No longer require social security numbers? Why were they required in the first place? Using social security numbers as an ID number (or password) has been a bad idea for a long time. As Chris Hibbert pointed out in 1994:

Database designers continue to introduce the Social Security Number as the
key when putting together a new database or when re-organizing an old one.
Some of the qualities that are (often) useful in a key and that people think
they are getting from the SSN are Uniqueness, Universality, Security, and
Identification. When designing a database, it is instructive to consider
which of these qualities are actually important in your application; many
designers assume unwisely that they are all useful for every application,
when in fact each is occasionally a drawback. The SSN provides none of them,
so designs predicated on the assumption that it does provide them will fail
in a variety of ways.

Of course, the costs of that the bad design were borne by customers, not the organization. Further, the SSN choice was a standard, and so hard to fight. Now, new rules like SB 1386 push some of the cost of that choice back where it belongs.

If your organization does business in California and collects, or over-uses SSNs, now would be a fine time to talk about bad PR and other costs of doing business that way, and push to make a liability-reducing change.

(From News.com.com.)

Ripping into ROI

Over at TaoSecurity, Richard Bejtlich writes:

‘ROI is no longer effective terminology to use in most security justifications,’ says Paul Proctor, Vp of security and risk strategies for META Group…

Executives, he says, interpret ROI as ‘quantifiable financial return following investment.’ Security professionals view it more like an insurance premium. The C-suite is also wary of the numbers security ROI calculators crunch.
‘Bottom line is that most executives are frustrated and no longer interested in hearing this type of justification,’ Proctor says. Instead, express a technology’s or program’s business value, cost/benefit analysis and risk assessment.”

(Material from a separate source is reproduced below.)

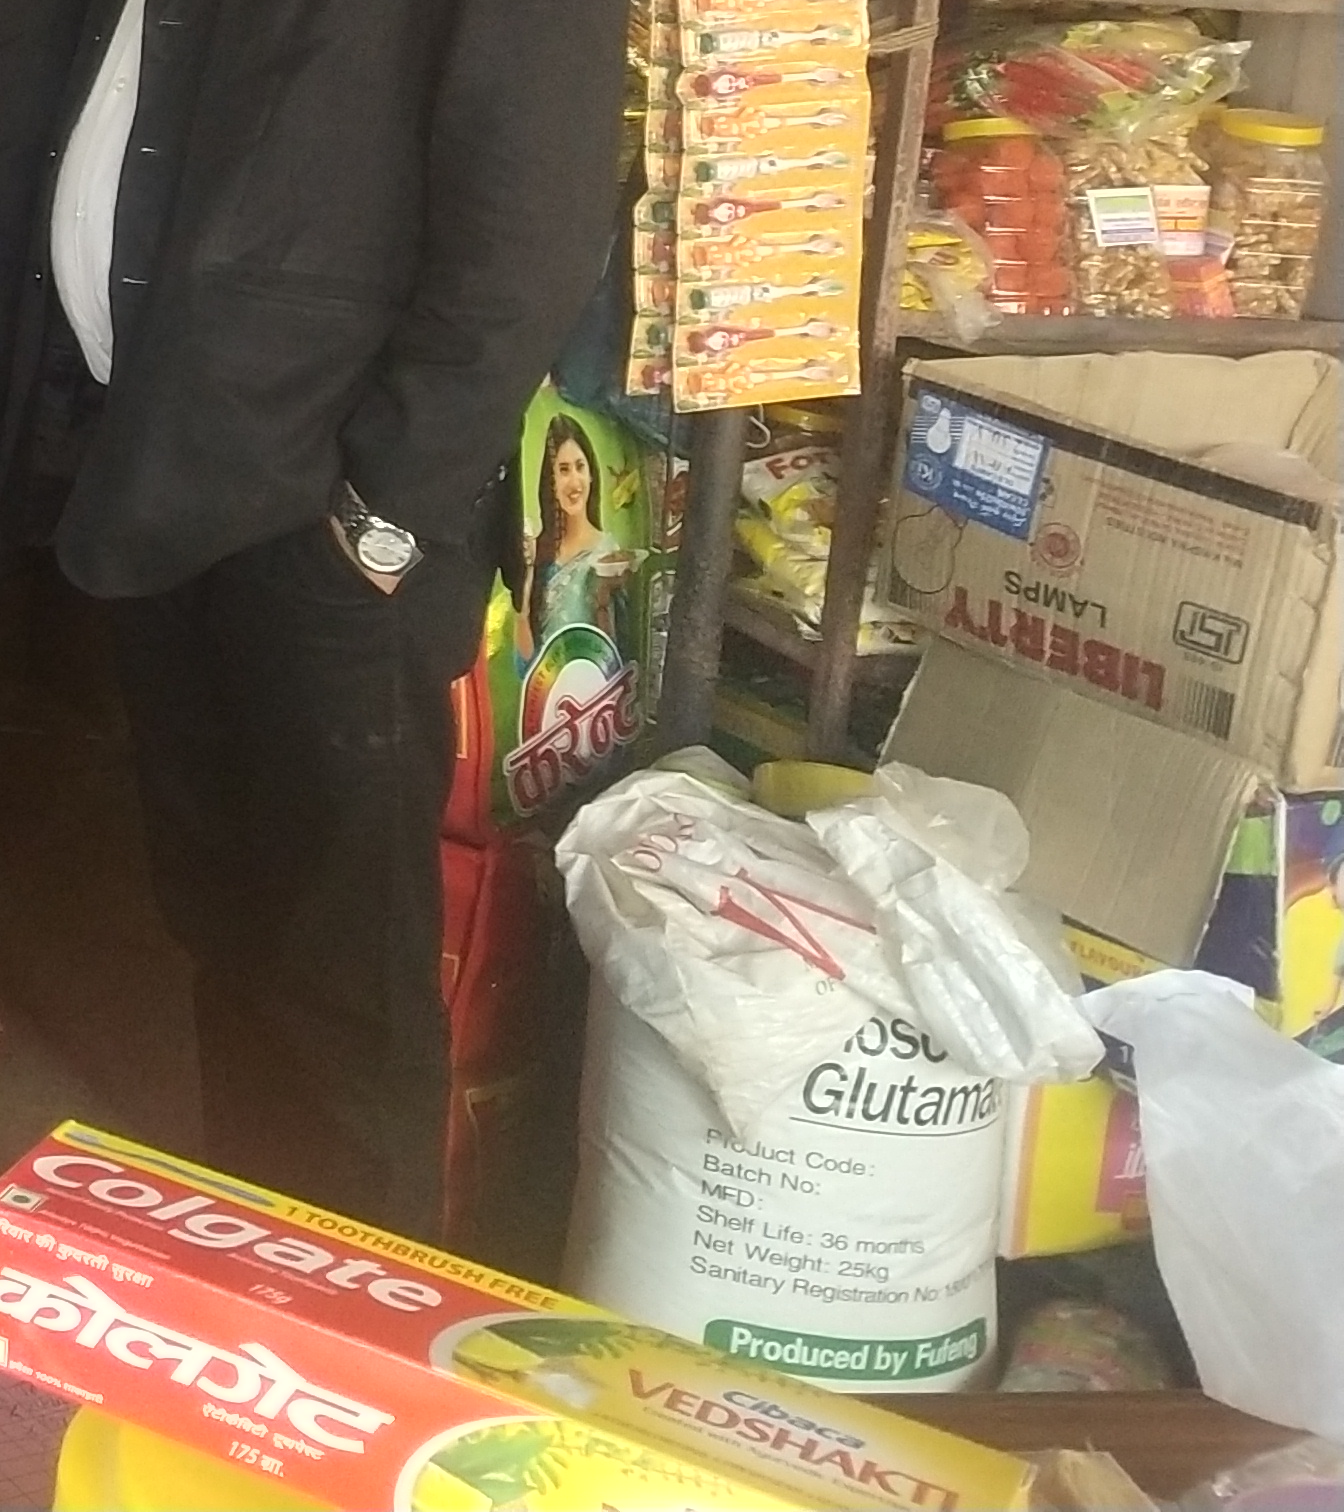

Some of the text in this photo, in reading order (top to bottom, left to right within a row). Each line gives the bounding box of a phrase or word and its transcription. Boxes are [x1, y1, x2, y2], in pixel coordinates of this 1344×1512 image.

Well, of course. ROI has enormous problems, including an assumption that technology works out, that there’s an infinite pool of free capital to draw on, etc. Techniques such as economic value add allow you to take some of these into account. But the biggest problem is that quantifying the cost of a breach is hard. Without knowing what the alternative is (to reserve or insure), its hard to justify much security spending. Computerworld has a good story “Where ROI Models Fail,” or see CIO’s “The Trouble With ROI” Roundtable for more on these issues.